Eight-year-old Abdel Rahman walks in, grasping his mother’s hand for guidance. Born with a defect of the optic nerve, the young boy has suffered from poor vision all his life. He missed a year of school as it became increasingly difficult for him to see what was written on the blackboard. Today, his mother has come to request her son be transferred from public school to a specialized school for students with visual impairments.

It seems like a straightforward request, but MOE officials insist the boy stay in the public school — an ambitious new plan, they say, is already in progress to accommodate special needs students like Abdel Rahman within the regular school system, giving them access to education while accommodating their disabilities. Abdel Rahman’s mother remains doubtful, saying teachers constantly badger her about the disruption her son creates in class.

As it stands, children with special needs have had practically no access to mainstream schooling. Now, as the MOE moves to open classroom doors for them, families are faced with a new dilemma: will their children be better off integrated into public and private schools, or should they remain in special schools for the disabled?
Aiming for Integration

More than 7 million Egyptians have some form of congenital disability, be it physical or intellectual. Currently, educational facilities capable of catering to people with special needs can only serve about 10 percent of the total disabled population, according to MOE statistics. The early education years are perhaps the most critical, for this is when children are socialized and start learning the skills necessary for a productive life
As of 2006, there were nearly 2 million school-aged children with special needs. The MOE estimates that currently only 1.8 percent — just 36,000 of them — are receiving any sort of an education, with some enrolled in mainstream schools and others in schools specialized in teaching children with disabilities. Until April 2009, there was no general policy for integrating special needs students. The MOE assessed each case individually, with only a select few private schools and even fewer public schools accepting the students. The number accepted is so small that officials say there are no ministry statistics on them.

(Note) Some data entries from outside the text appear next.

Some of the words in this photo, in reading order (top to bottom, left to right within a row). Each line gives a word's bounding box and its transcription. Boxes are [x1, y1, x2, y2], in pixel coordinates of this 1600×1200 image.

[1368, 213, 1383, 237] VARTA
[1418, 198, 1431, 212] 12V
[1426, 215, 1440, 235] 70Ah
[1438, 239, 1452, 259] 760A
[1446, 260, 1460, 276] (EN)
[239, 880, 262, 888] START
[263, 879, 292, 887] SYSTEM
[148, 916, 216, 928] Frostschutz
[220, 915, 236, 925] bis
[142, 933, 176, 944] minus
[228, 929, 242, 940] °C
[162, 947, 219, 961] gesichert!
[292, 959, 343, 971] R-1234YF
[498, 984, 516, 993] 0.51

“Prior to the [April 2009] ministerial decision, there was integration of some [children with] minor disabilities, such as hearing or vision impairments,” says Naguib Khozam, director of the National Center for Examinations and Educational Evaluation (NCEEE), and head of the MOE’s committee in charge of mainstreaming special needs children. “We want to increase the number and diversify the types of special needs that are being accepted.”

To do that, the MOE is phasing in its Damg Al-Atfal Zoa Al-Ahtiyagat Al-Khasa (Inclusion of Special Needs Children) project — a plan to integrate students with special needs into the regular school system, including state-run and private schools. The goal is to enrol almost 10 percent of special needs students, some 152,800 children, into the regular school system by 2012.

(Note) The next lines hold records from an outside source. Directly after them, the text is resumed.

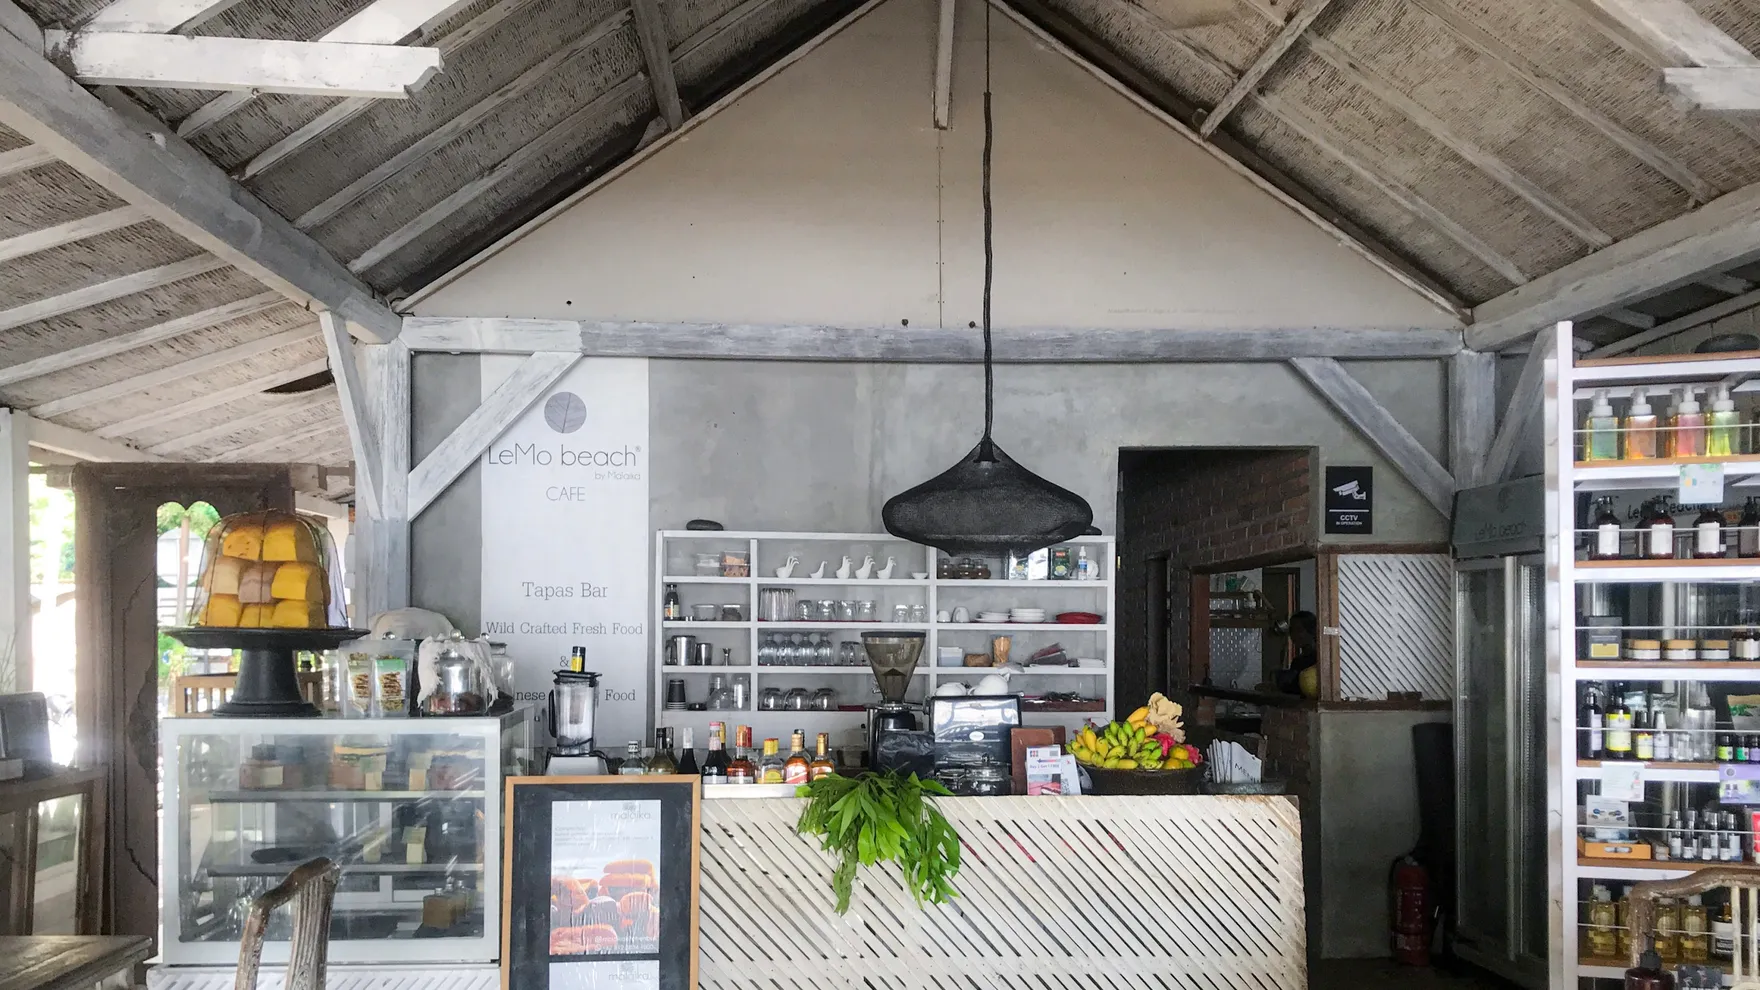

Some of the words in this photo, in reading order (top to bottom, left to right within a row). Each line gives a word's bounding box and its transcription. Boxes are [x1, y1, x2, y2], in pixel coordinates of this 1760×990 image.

[488, 443, 552, 465] LeMo
[594, 471, 605, 480] by
[545, 486, 586, 501] CAFE
[522, 581, 574, 600] Tapas
[581, 581, 608, 598] Bar
[486, 622, 515, 634] Wild
[520, 622, 567, 634] Crafted
[572, 622, 607, 634] Fresh
[612, 622, 643, 634] Food
[560, 655, 570, 668] &
[605, 689, 636, 701] Food

“Inclusion is already being carried out in most countries around the world, advocating that children with special needs have a right to an education too,” says Khozam. He points to studies that suggest including a child with special needs in a mainstream school helps them function better in mainstream society.

To reach its 2012 goal, the ministry must equip 5,040 out of some 40,000 schools with the resources and infrastructure to accommodate students with varying disabilities.
Outfitting a school to accommodate those pupils is perhaps the simplest task. Among other things, visually impaired students need access to audio equipment such as book readers and voice recorders for taking notes, while the hearing impaired benefit from signs and special lighting systems. For those with mobility issues, buildings need to be renovated to include ramps, elevators and doors wide enough for wheelchairs.

For cognitive or learning disabilities, which include Down syndrome, autism or attention-deficit/hyperactivity disorder (ADHD), the ministry will focus on developing teaching techniques and classroom environments that are more supportive of the student. (See box on page 95 for more information about learning disabilities.)

The plan will be phased in gradually at schools across the country. Khozam says the ministry has selected 500 schools, a mixture of private and public institutions, to pilot the project for the 2009/10 academic year.

“The schools are being prepared to accept children with special needs,” says Khozam, noting the ministry has already trained 728 teachers, and begun school renovations in preparation for the official start of classes, after Eid Al-Fitr. “The main issue lies within modifying the teaching experience at schools, so that children of all types can learn and understand together,”

Before you can educate a special needs child, you must educate the teachers and staff. On August 6, a little more than a month before the start of the academic year, the MOE held the first of a number of seminars on working with disabled students. The plan is to train 29,280 teachers and 981 psychologists and behaviorists by 2011 to help the students develop social skills. The ministry will also hire 1,526 support teachers to give students individual attention.
Mohamed Allouba
Special education often comes with a high price tag.

The current curriculum will be slightly modified so that students with varying memorization or critical thinking skills can adapt and be given an equal chance of excelling at the academic material. The new curriculum will be taught to all students, giving regular students exposure to new learning experiences.

Schools involved in the program are required to allow children with special needs to access all the social, health and psychological services normally offered. In addition, the school is required to offer students extracurricular activities to help pupils develop their physical and mental skills.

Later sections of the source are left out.